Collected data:

________________________________________

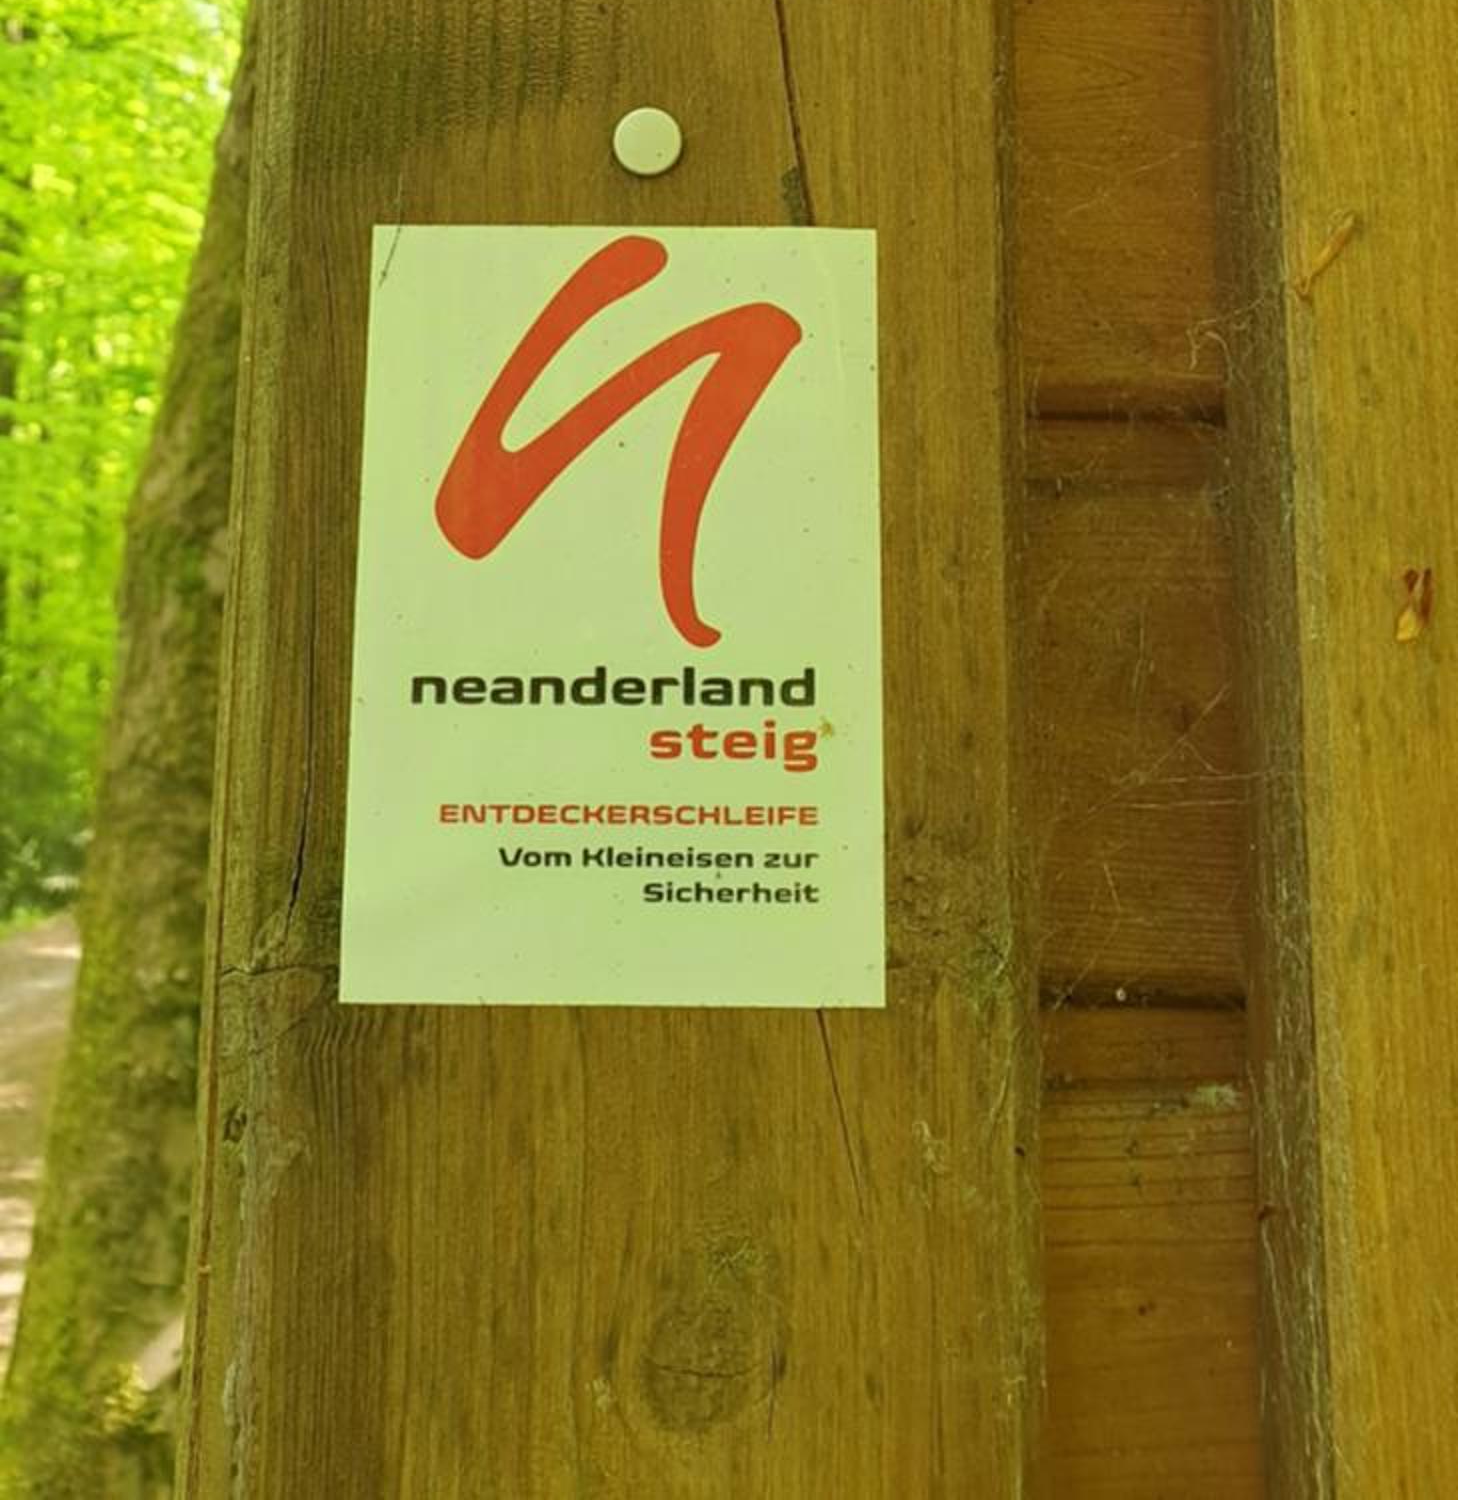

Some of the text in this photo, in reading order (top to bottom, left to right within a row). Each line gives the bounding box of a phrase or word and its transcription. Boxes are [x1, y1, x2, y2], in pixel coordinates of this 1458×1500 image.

[410, 665, 816, 707] neanderland
[648, 719, 819, 773] steig
[438, 803, 819, 827] ENTDECKERSCHLEIFE
[498, 845, 819, 869] Vom Kleineisen zur
[642, 881, 820, 904] Sicherheit
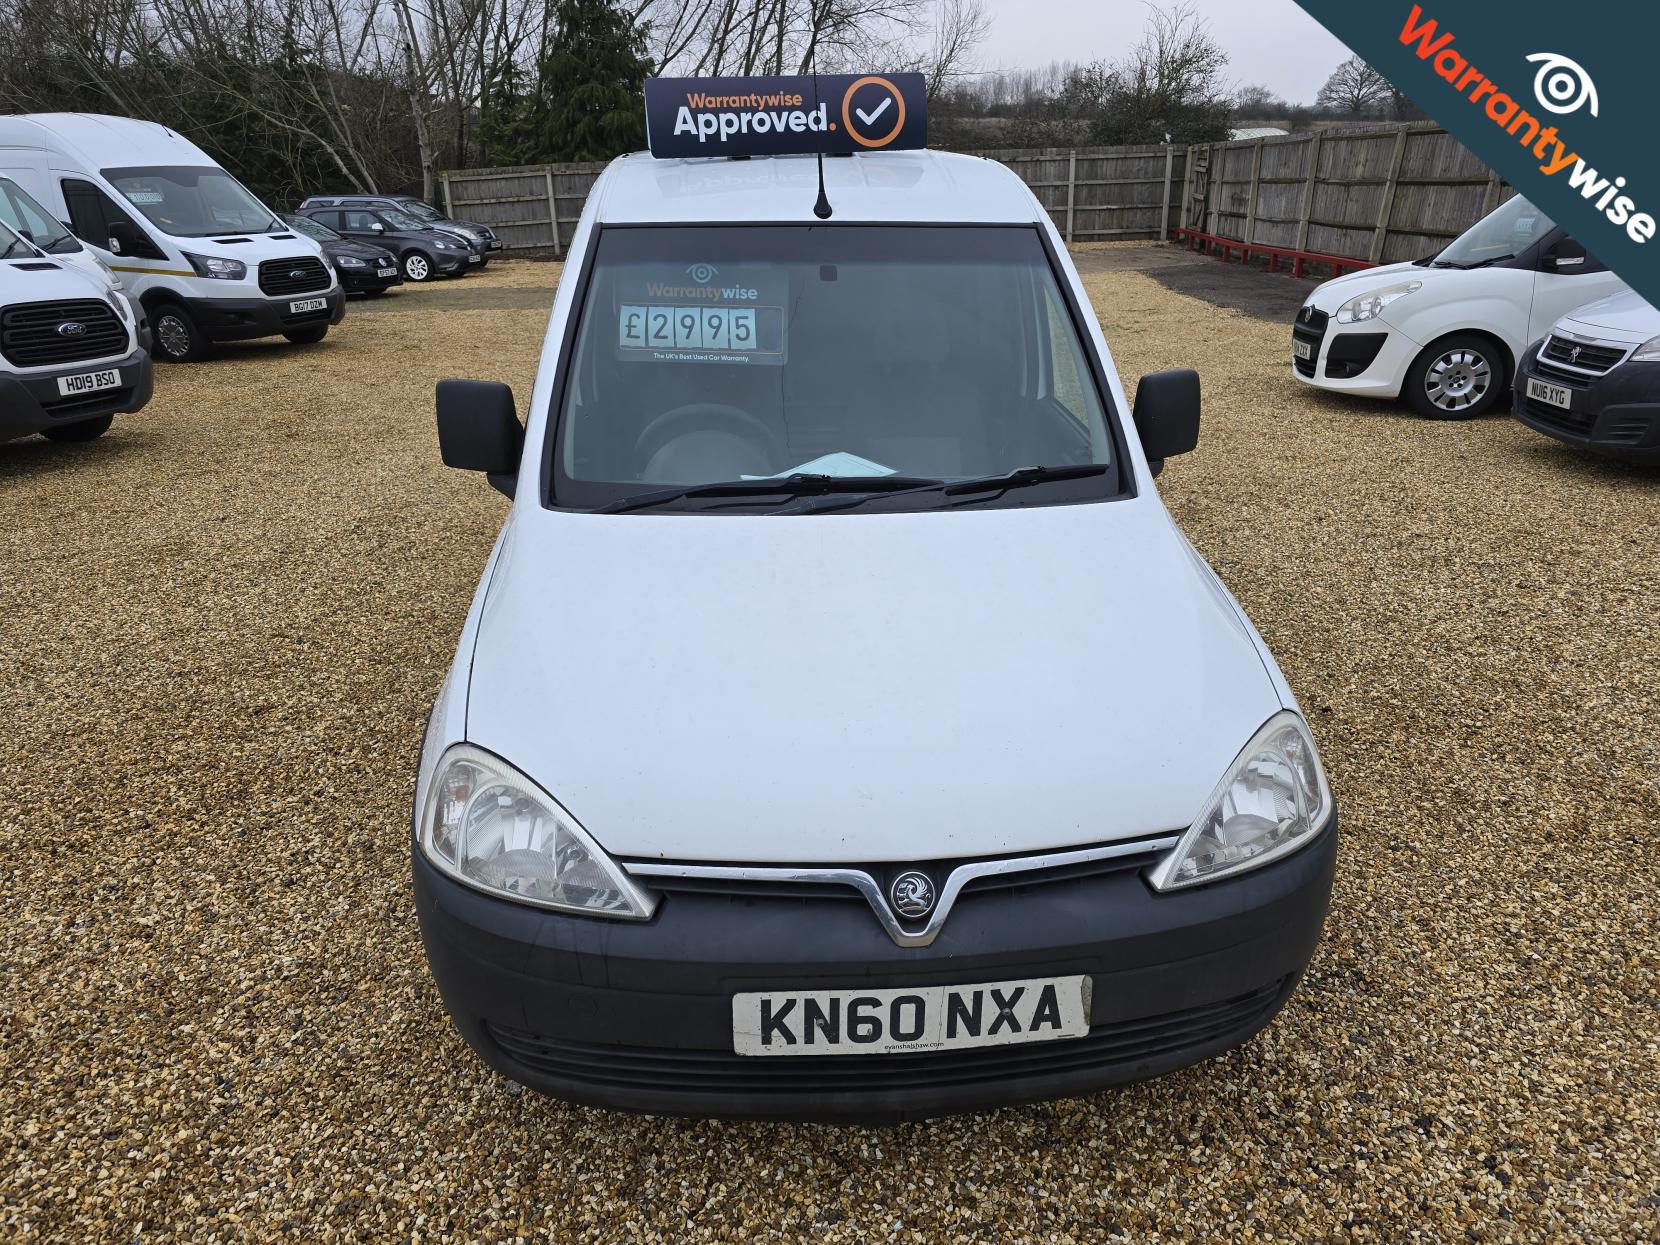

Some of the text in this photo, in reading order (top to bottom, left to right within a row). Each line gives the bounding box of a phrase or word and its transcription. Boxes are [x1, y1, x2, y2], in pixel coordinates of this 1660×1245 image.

[687, 91, 803, 111] Warrantywise
[673, 103, 837, 142] Approved.
[646, 282, 758, 302] Warrantywise
[625, 313, 750, 341] £2995
[66, 375, 94, 392] HD19
[1531, 382, 1566, 405] NU16 XYG
[760, 984, 1062, 1045] KN60 NXA

________________________________________

**Task goal**
An exact copy of all the records is required, with the pictures omitted.

**Response**
Some of the text in this photo, in reading order (top to bottom, left to right within a row). Each line gives the bounding box of a phrase or word and its transcription. Boxes are [x1, y1, x2, y2], in pixel coordinates of this 1458×1500 image.

[410, 665, 816, 707] neanderland
[648, 719, 819, 773] steig
[438, 803, 819, 827] ENTDECKERSCHLEIFE
[498, 845, 819, 869] Vom Kleineisen zur
[642, 881, 820, 904] Sicherheit

Some of the text in this photo, in reading order (top to bottom, left to right within a row). Each line gives the bounding box of a phrase or word and its transcription. Boxes are [x1, y1, x2, y2], in pixel coordinates of this 1660×1245 image.

[687, 91, 803, 111] Warrantywise
[673, 103, 837, 142] Approved.
[646, 282, 758, 302] Warrantywise
[625, 313, 750, 341] £2995
[66, 375, 94, 392] HD19
[1531, 382, 1566, 405] NU16 XYG
[760, 984, 1062, 1045] KN60 NXA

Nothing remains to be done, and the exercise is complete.